"How to Be A Person" takes readers through dozens of basic skills they should learn before they’re grown up – from doing the laundry and tying knots, to writing thank-you notes and managing money.
It's a humorous, quasi-self-help book for tweens and young teens, written by Catherine Newman of Amherst, Massachusetts — and it's part of our Books for Young People series.
Newman said many people assume children will learn everything they need to know simply by being around their parents, but the recent pandemic lockdown period has shown that isn’t always true.
Catherine Newman, author: It has lifted the veil off of actually what makes a household run — and I think in a really important way. I think, weirdly, some of this stuff happens behind the scenes, and kids don't even know what's going on, so they can't learn.
I am really aware of people now talking to their kids about how much of their money they give away charitably, which I think is [so] important — like, tell your kids you're doing it. Don't wait till they go to bed and do it secretly. I just feel like there's so many things.
And stain removal. You're not out where everyone is congregating, like spritzing a stain and scrubbing it. That’s just happening whenever you do laundry. And so I just feel like some of the stuff the kids can't learn, because we're not even showing it to them. They don't even know it happens.

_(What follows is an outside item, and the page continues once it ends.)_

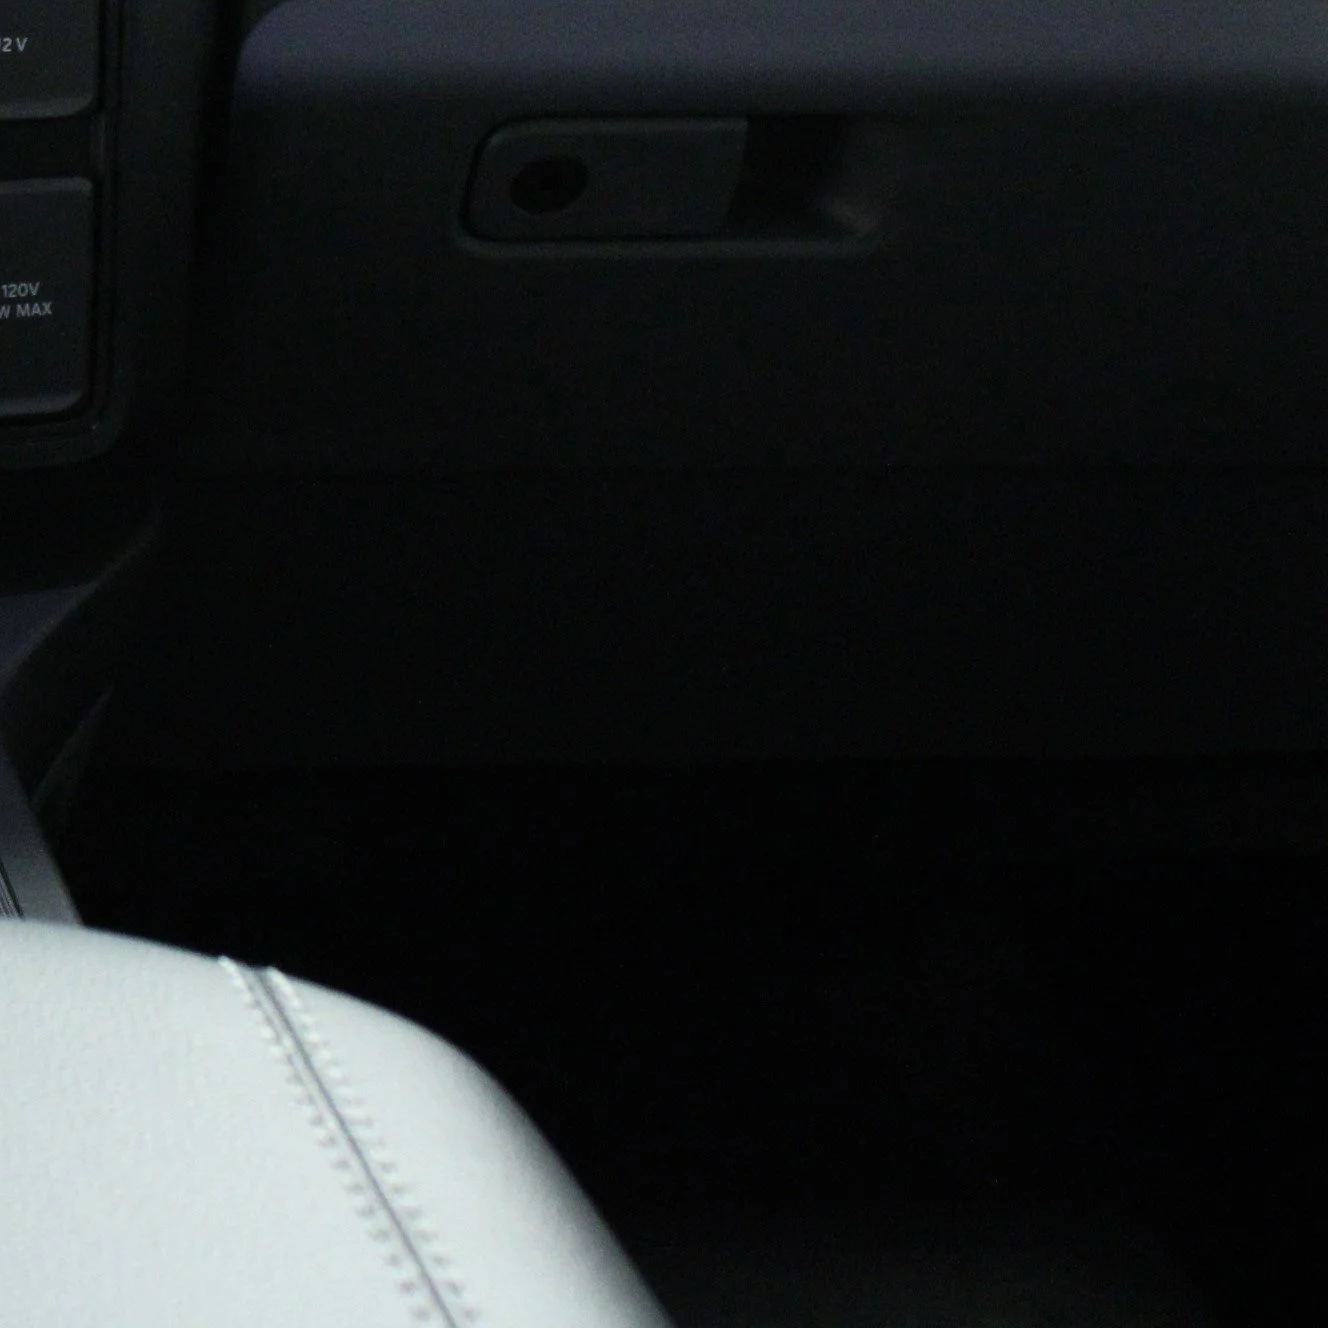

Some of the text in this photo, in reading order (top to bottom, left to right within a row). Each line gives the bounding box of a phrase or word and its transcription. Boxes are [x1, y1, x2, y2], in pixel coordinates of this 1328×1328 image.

[15, 37, 28, 52] V
[1, 282, 40, 298] 120V
[14, 302, 53, 318] MAX
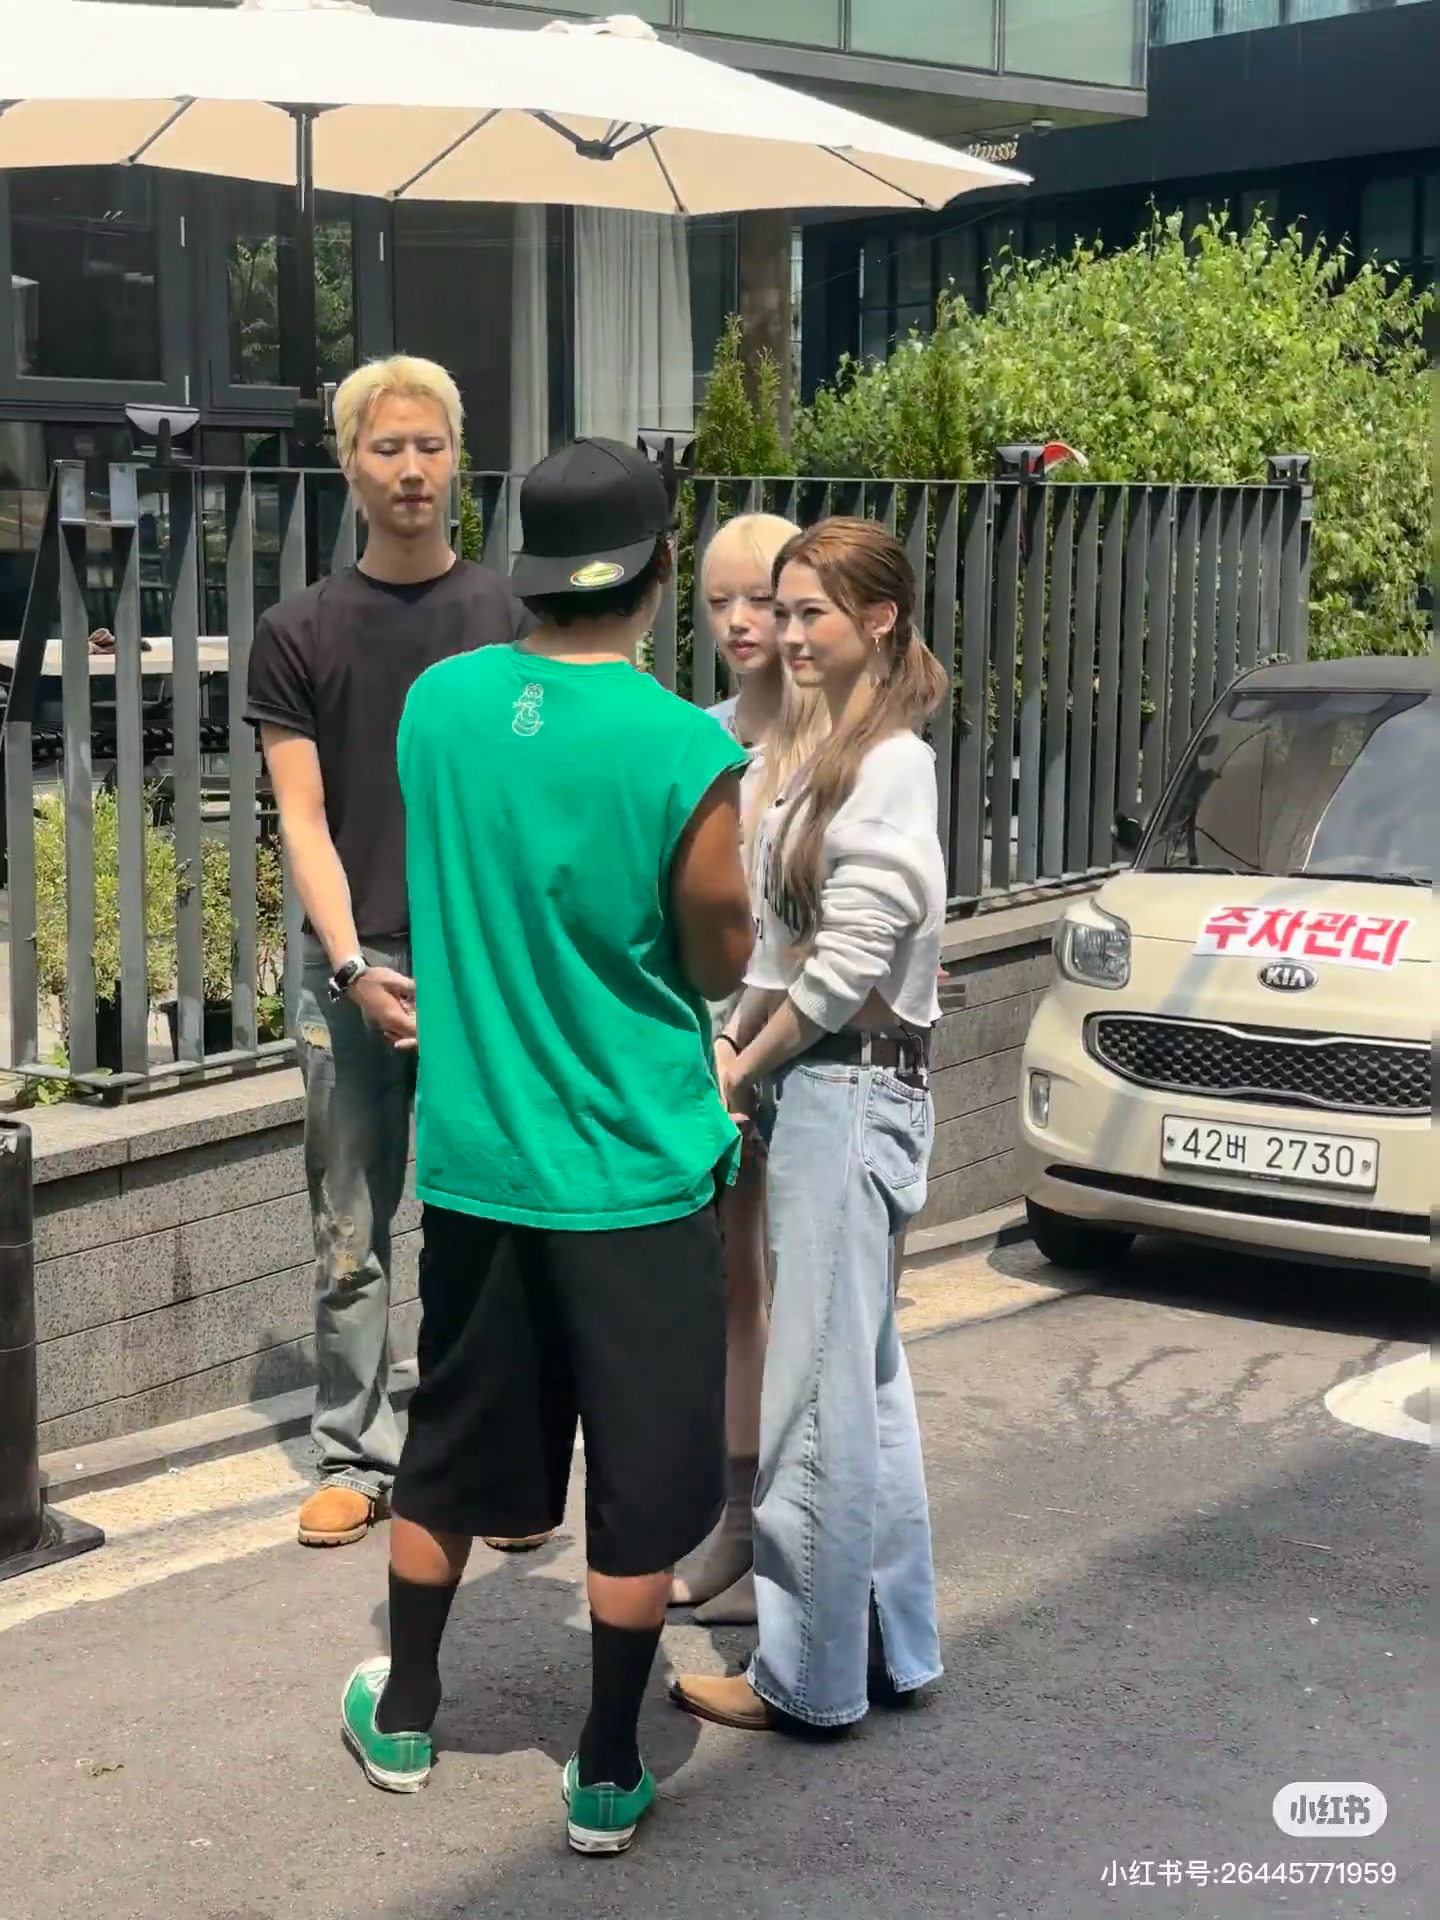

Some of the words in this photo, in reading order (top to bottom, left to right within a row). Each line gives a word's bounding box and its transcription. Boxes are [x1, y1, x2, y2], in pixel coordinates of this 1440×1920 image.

Karen Brown, NEPM: Your book is very accepting. You admit, "Look, you're going to forget this, or you're going to make a mess." So it doesn't feel "judgey" at all. And I'm just curious, did you have to work on that tone? Did you go through a few drafts of getting the right tone or is that just how you communicate?
I'm really not a perfectionist, which I think made me a good person to write this book. If the bar is really low in your household, that's great. If nobody really cares if some part of the house is clean, don't clean it. The big piece that I really care about is - how do you live well in community. How do you take care of the other people you live with, your neighbors, your town, extending out.
My sense is, even in addition to the mechanics of each of these individual skills, there's an underlying message: that you don't have to be scared of independence. You've got this. And I'm wondering if there's a converse message for parents who maybe are worried about their kids being independent — or not necessarily worried, but learning how to think about their kids not needing them so much for every little thing.
For me, it was interesting just to get a sense of : what should I teach my kids to do for themselves? At what point? What should they already know? What should I still be doing for them? So what do you hope parents get out of reading this?
It is a lot about independence. Like there's that picture in the back [of the book] of a dad basically pushing his daughter out of a helicopter into a parachute. And I love that.
And then for me, secretly, I actually always think it's a book about interdependence, about relationships. So even though what you are doing is building these skills that you need to have as a person separate from your parents, for example, but skills you need to have to live well with people in every situation — to work well with people, or to be a good partner to somebody, or a good friend or a reliable housemate.
While you wrote this book as a collection of skills, it really feels like you had — I don't want to call it an agenda necessarily — but you had sort of a broader purpose. So it is not just learning how to do stuff. There's a little bit of a political bent or a social justice bent to it.
Yeah, somebody in a radio interview sort of joked that I turned out to be more progressive than they thought, because they'd asked me why I hadn't delineated more which skills were for boys and which skills are for girls. Which made me feel like they didn’t spend a lot of time with the book, because it is really not a book with skills for boys and skills for girls!
And so I think of it as having a feminist agenda, honestly. Like if you have an expectation that your girls know how to wrap a gift or, I don't know, clean a bathroom and you catch yourself not thinking the boys should do it, I hope that's just like a bell of mindfulness. Because we know we want our kids not to grow up to be these people just lumbering through the house, kind of unaware of what's happening.